Reputation: 37404
I'm writing a bash script to process some files automatically and one subjob is to use iconv
to re-encode source files if they are not of my liking. For that I use:
enc=$(file -b --mime-encoding "$file") # get the encoding
if [ "$enc" = "iso-8859-1" ] || [ "$enc" = "us-ascii" ] # no need to encode these
then
unset enc
fi
cat "$file" | # conditional encoding below
( [[ "${enc}" ]] && iconv -f "$enc" -t iso-8859-1 || cat ) |
awk '{# code to process file further}' > "$newfile"
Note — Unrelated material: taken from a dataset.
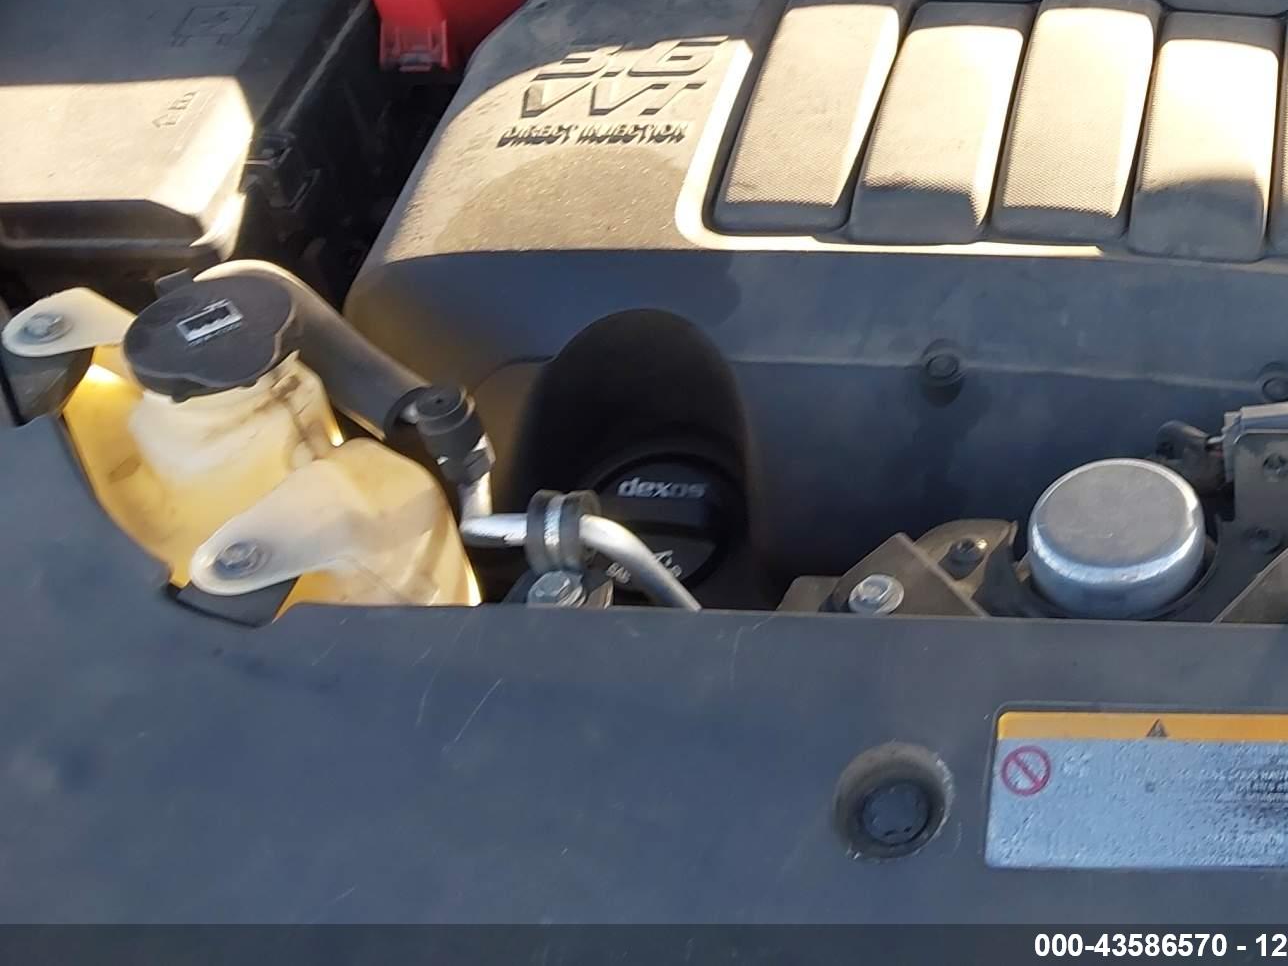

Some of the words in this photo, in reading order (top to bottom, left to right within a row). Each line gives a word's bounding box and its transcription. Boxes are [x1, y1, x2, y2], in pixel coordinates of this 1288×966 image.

The problem is that I have a file which is UTF8 but file
falsely recognizes it as ASCII. The first non-ASCII character is character #314206 which is on line #1028. Apparently there is some sample size for file
, for example if I convert the file from fixed width to character delimited the first non-ASCII character is char #80872 and file
recognizes the file encoding correctly. So I guess there is a sample size which is between those 2 values.
(TL;DR)
Is there a way to instruct file
to take a larger sample or read the whole source file, or some other bash friendly way of finding out the encoding?
I played around with file -P
but couldn't affect the outcome with that. man file
didn't help me any further and googling file command sample size was not very promising.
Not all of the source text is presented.